We drove through Kabul in a heavily armored vehicle to the British embassy, where we were to be the guests of the ambassador. Every time we slowed down (the driver preferred not to stop at traffic lights) the car would be surrounded by boys of eight to twelve years, smiling and laughing as they banged on the windows. I waved and smiled back, charmed by their happy, intelligent, lively faces, so like my own young son at home, but the soldier sitting in the front told me they couldn’t see inside the vehicle. It seemed so odd that we five grown men, three of us heavily armed, all of us wearing helmets and bulletproof vests, were shielded from the dangers of the city in this blacked-out, air-conditioned armored vehicle, while the little boys, in bare feet and cotton robes, were dancing and laughing outside in the hot sunshine. No wonder they teased us by tapping on the windows, grinning and making faces. And how terrible to think that few if any of them would live to see thirty.
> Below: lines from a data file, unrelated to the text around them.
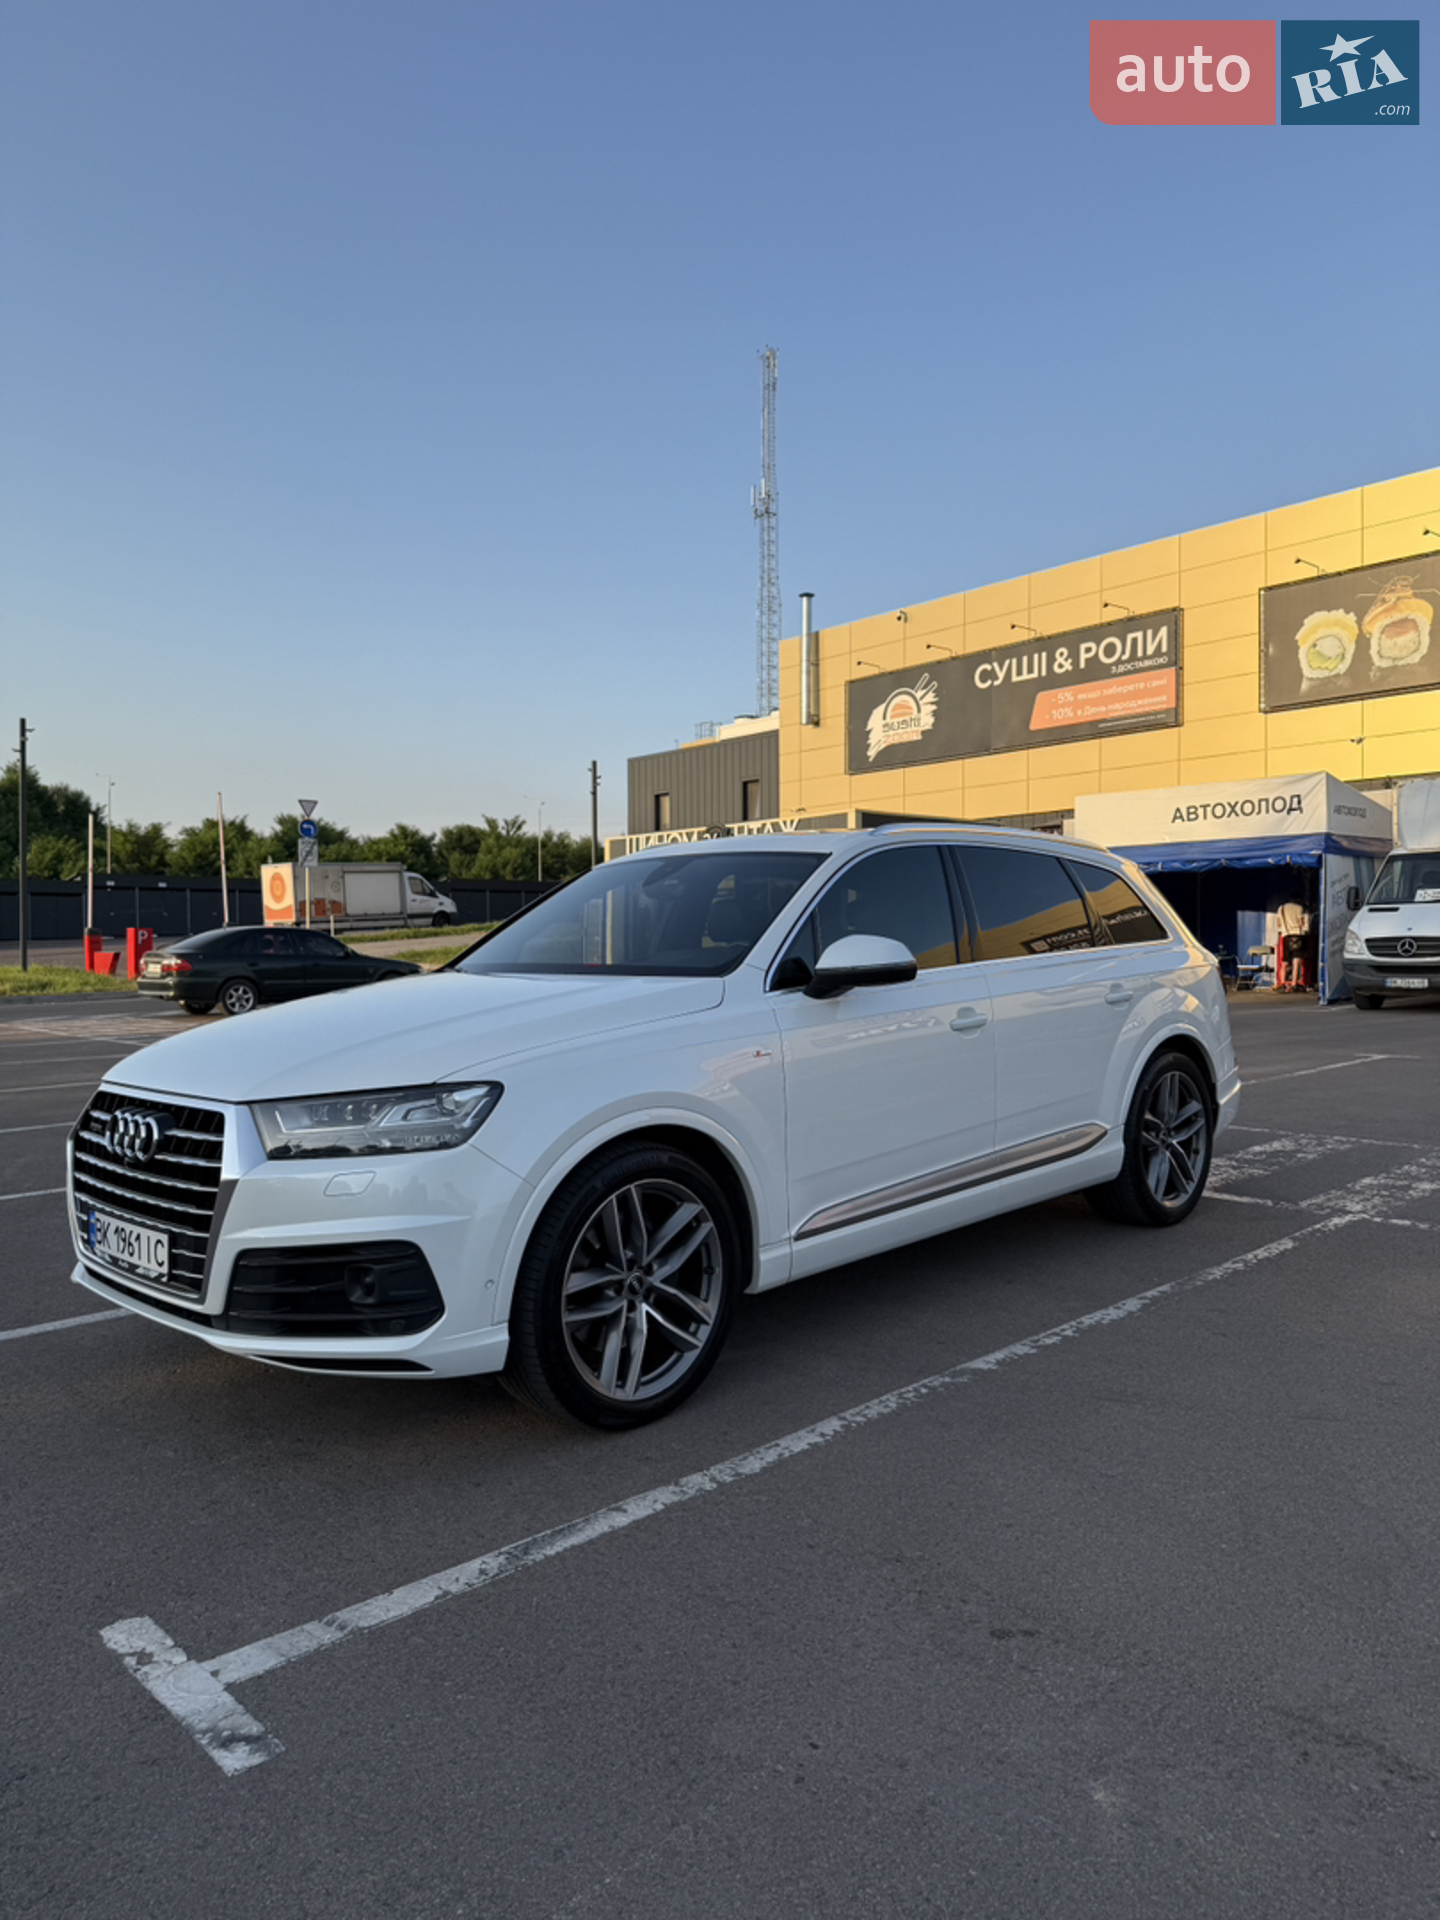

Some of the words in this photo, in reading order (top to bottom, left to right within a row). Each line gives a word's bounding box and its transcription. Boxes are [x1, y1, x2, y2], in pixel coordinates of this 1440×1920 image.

[974, 651, 1047, 689] СУШІ
[1052, 646, 1073, 674] &
[1079, 625, 1168, 670] РОЛИ
[1171, 794, 1304, 823] АВТОХОЛОД
[137, 929, 148, 946] P
[113, 1225, 141, 1261] 1961
[147, 1235, 165, 1268] IC
We stayed with the ambassador in his residence for a few days, meeting Afghan officials, diplomatic and military personnel from the other International Security Assistance Force missions stationed in Kabul, and various Afghan academics, entrepreneurs, journalists, and politicians. The hospitality of the Afghans was exquisite, their courtesy almost overwhelming.
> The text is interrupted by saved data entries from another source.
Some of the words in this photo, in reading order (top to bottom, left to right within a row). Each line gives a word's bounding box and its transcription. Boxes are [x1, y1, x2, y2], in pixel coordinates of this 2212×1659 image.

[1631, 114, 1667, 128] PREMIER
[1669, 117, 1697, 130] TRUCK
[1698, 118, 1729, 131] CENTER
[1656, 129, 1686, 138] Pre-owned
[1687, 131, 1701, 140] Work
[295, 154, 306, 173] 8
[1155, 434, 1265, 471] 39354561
One evening, we were invited to dinner at a popular restaurant where we briefly sat outside—a rare treat—and watched the sun sink behind the ragged mountains that ring the city. High on one hill we could see the Olympic swimming pool that the Soviets had built during their occupation. I could just make out the white concrete diving boards. The pool was never used for swimming, but as an execution ground by the Taliban. Yet there’s something so beautiful about Kabul—a certain quality of the light, especially in the evening, which makes you realize that under happier circumstances this city could and should be a place that people would be happy to visit from all over the world once again: a place that feels somehow princely, and you can see why it was one of several cities vying for the soubriquet “Paris of the East.”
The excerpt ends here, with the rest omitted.